Running

Le Kenyan a couru la distance mythique en 2 h 00’24’’. Plus vite que quiconque mais moins vite que l'ambitieux défi lancé par Nike

Il n’aura manqué que 25 secondes au Kenyan Eliud Kipchoge pour descendre sous le seuil mythique des 2 heures sur le marathon (42,195 km), samedi matin, sur le circuit automobile de Monza. Malgré les avancées technologiques, une armée de lièvres assurant le tempo de tour en tour, une aspiration artificielle par véhicule interposé et une préparation physique parfaite. Idéalement orchestrée, la coûteuse opération de marketing imaginée par l’équipementier Nike n’a donc pas abouti. Du moins, pas sur le plan sportif. Mais elle aura alimenté le débat pendant plusieurs jours, tiré du lit les passionnés (le départ a été donné à 5 h 45) et fait rêver beaucoup de monde.

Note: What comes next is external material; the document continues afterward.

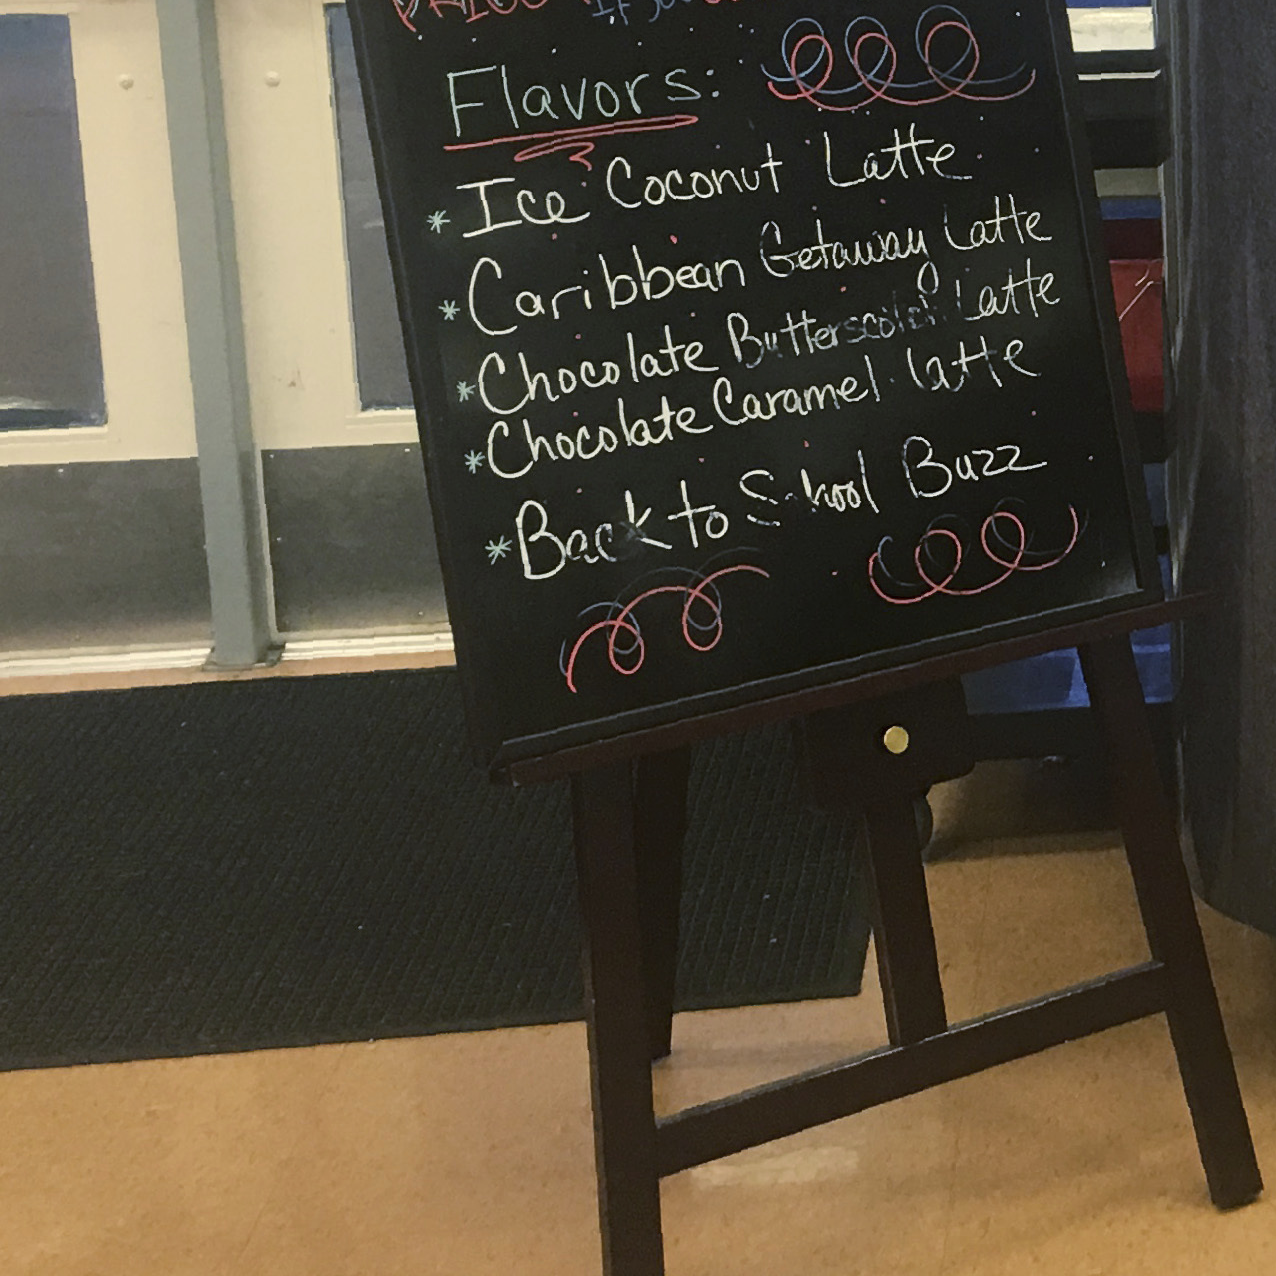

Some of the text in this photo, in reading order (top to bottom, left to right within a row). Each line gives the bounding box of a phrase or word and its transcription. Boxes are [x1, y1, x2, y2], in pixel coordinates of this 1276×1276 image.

D’autant que Kipchoge est resté sur les bases de moins de 2 heures pendant 30 km et a fini sous le record du monde (2 h 02’57’’), sa belle performance (2 h 00’24") ne pouvant être homologuée pour des raisons évidentes.

"Il n’a vraiment pas terminé loin ! soulignait Nafi Thiam en marge de sa compétition de samedi. Deux heures, on dit que c’est une barrière mais je ne vois pas pourquoi ce serait impossible ! Ce n’était pas pour ce samedi mais, vu le chrono, on peut imaginer que ce soit réalisable. Les limites finissent toujours par être repoussées par l’un ou l’autre phénomène."

"On ne peut pas comparer ce qui s’est passé à Monza avec un marathon traditionnel mais cela n’en reste pas moins une performance extraordinaire", conclut Koen Naert, le meilleur marathonien belge actuel.